Image-backed grounding data:
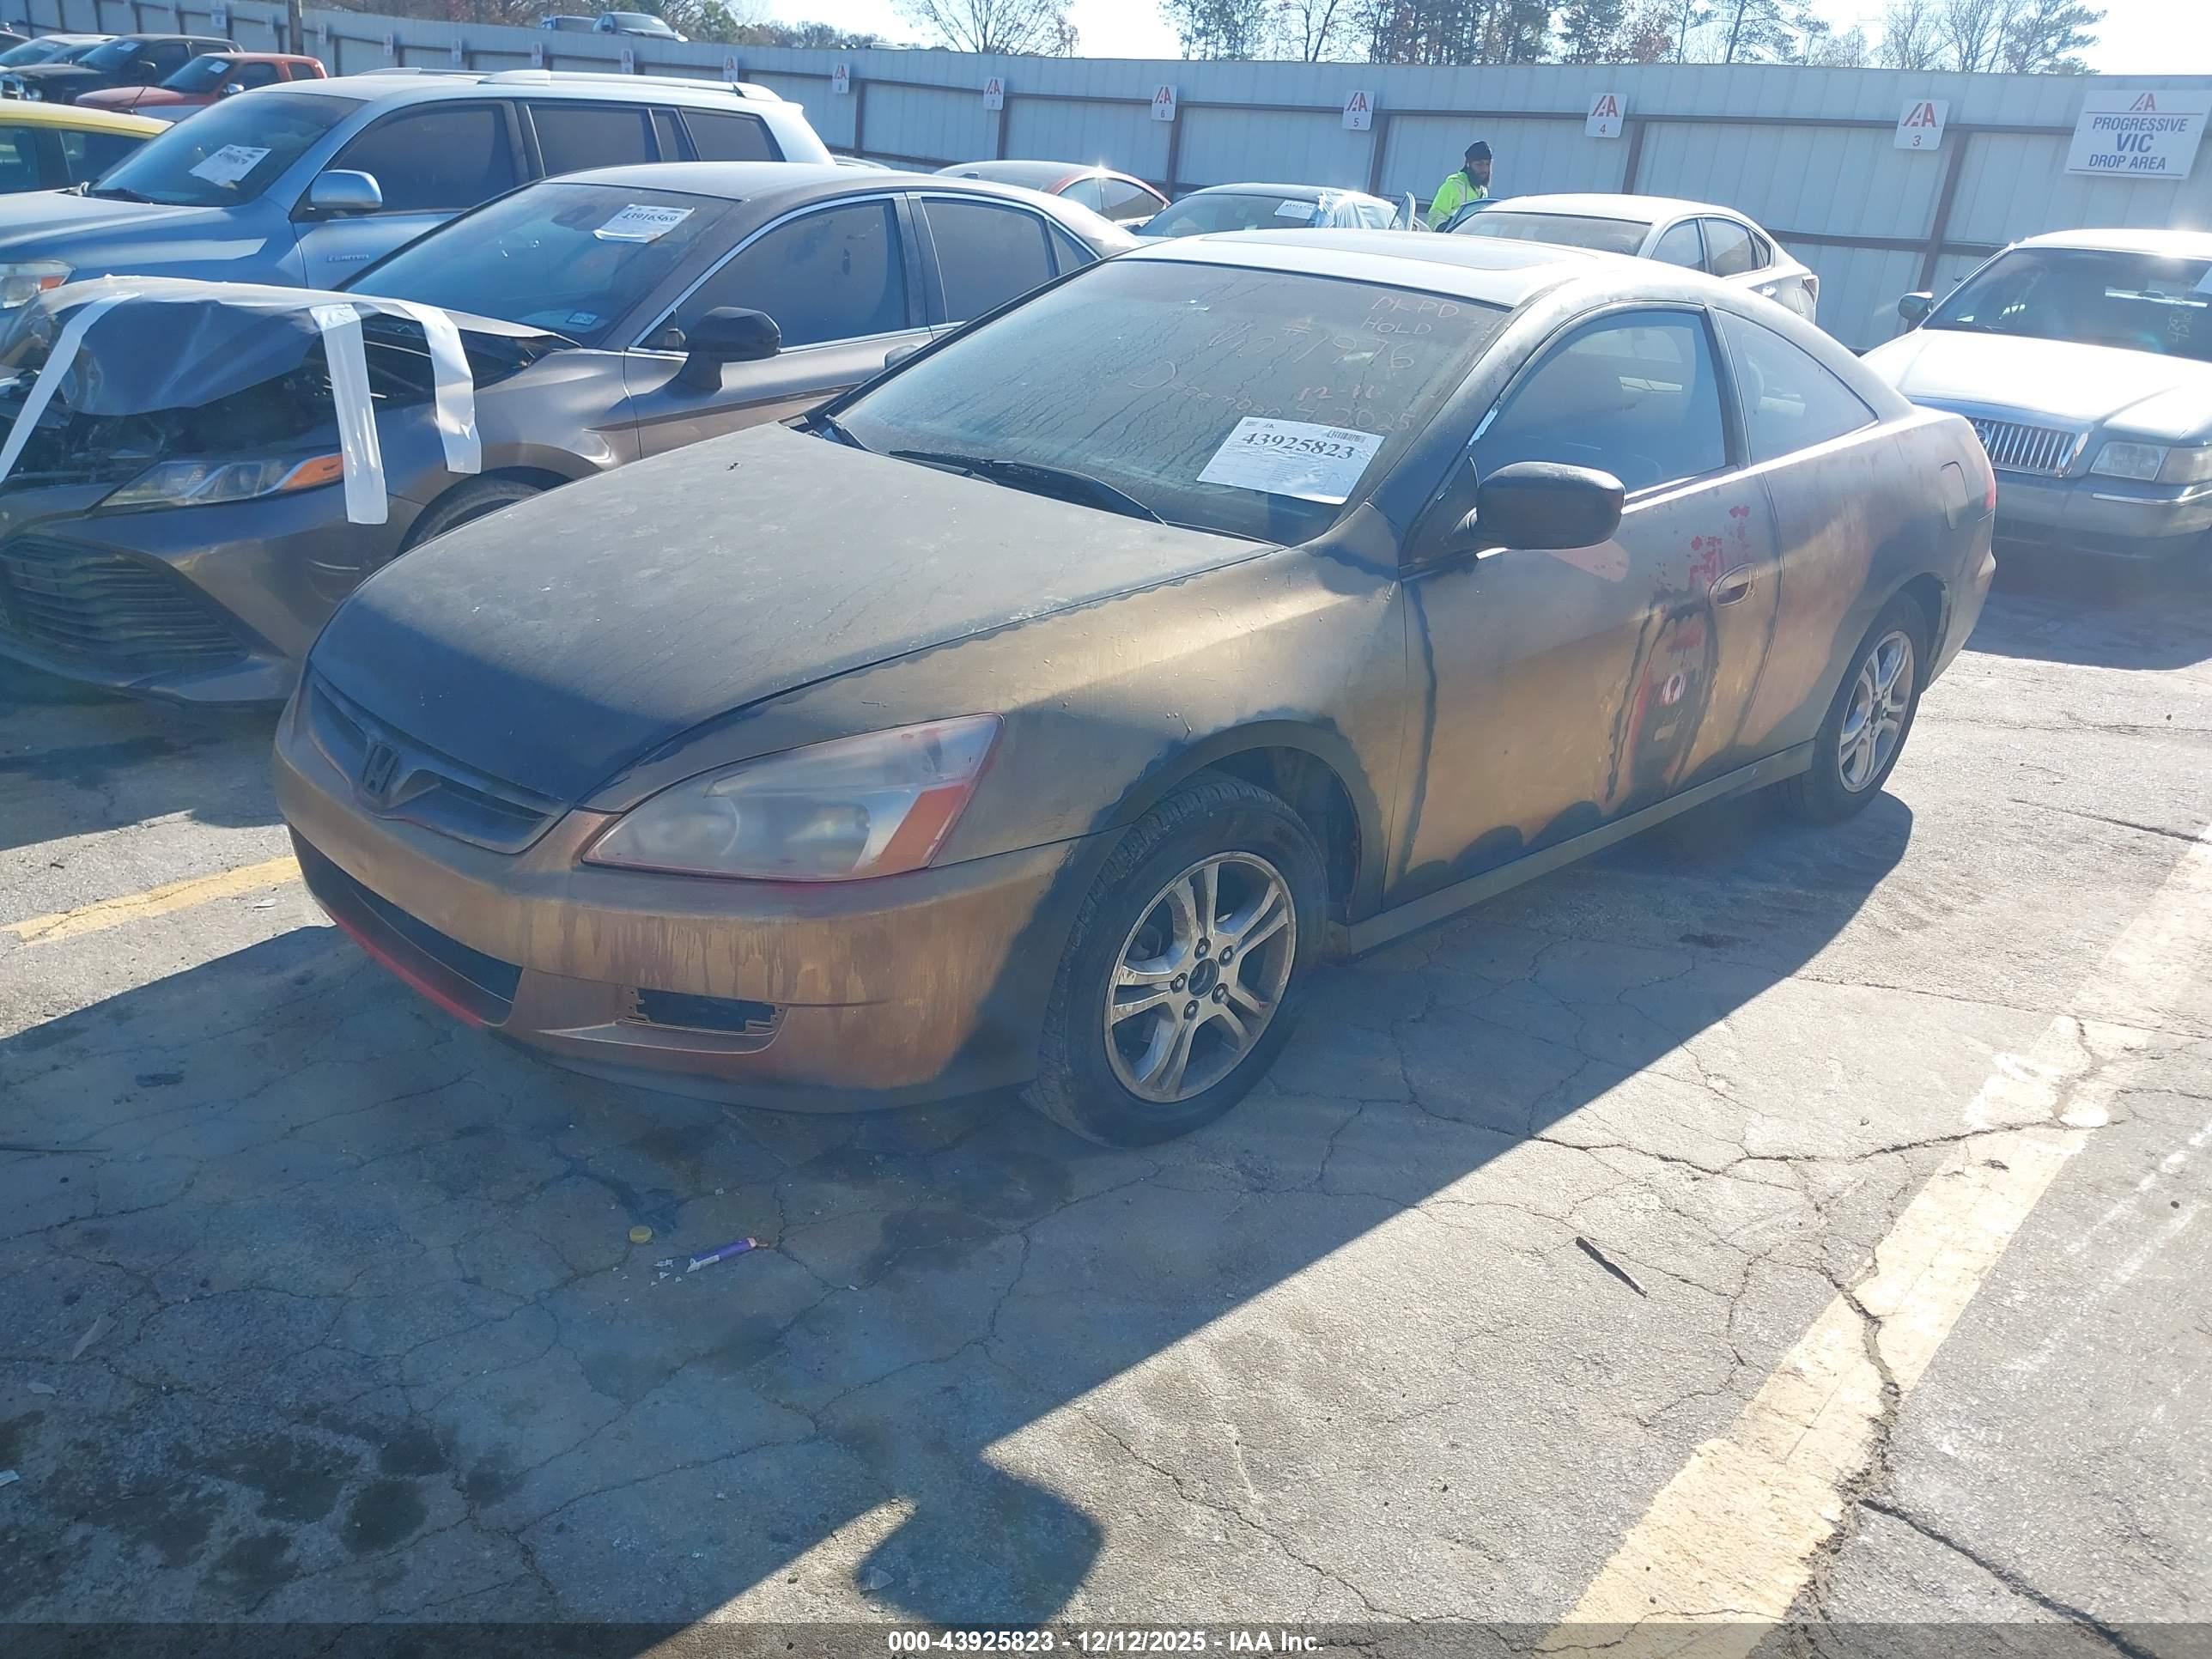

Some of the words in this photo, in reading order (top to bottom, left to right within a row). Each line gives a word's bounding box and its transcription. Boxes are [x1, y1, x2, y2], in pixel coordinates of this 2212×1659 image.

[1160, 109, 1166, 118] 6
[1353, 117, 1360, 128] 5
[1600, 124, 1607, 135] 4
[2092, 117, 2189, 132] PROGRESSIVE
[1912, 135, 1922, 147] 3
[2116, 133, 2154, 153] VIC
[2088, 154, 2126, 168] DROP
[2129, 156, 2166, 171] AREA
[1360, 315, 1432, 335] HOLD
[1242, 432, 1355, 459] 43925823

**Assigned task**
Copy every record exactly, leaving the pictures out.

**Solution**
Some of the words in this photo, in reading order (top to bottom, left to right within a row). Each line gives a word's bounding box and its transcription. Boxes are [x1, y1, x2, y2], in pixel coordinates of this 2212×1659 image.

[1160, 109, 1166, 118] 6
[1353, 117, 1360, 128] 5
[1600, 124, 1607, 135] 4
[2092, 117, 2189, 132] PROGRESSIVE
[1912, 135, 1922, 147] 3
[2116, 133, 2154, 153] VIC
[2088, 154, 2126, 168] DROP
[2129, 156, 2166, 171] AREA
[1360, 315, 1432, 335] HOLD
[1242, 432, 1355, 459] 43925823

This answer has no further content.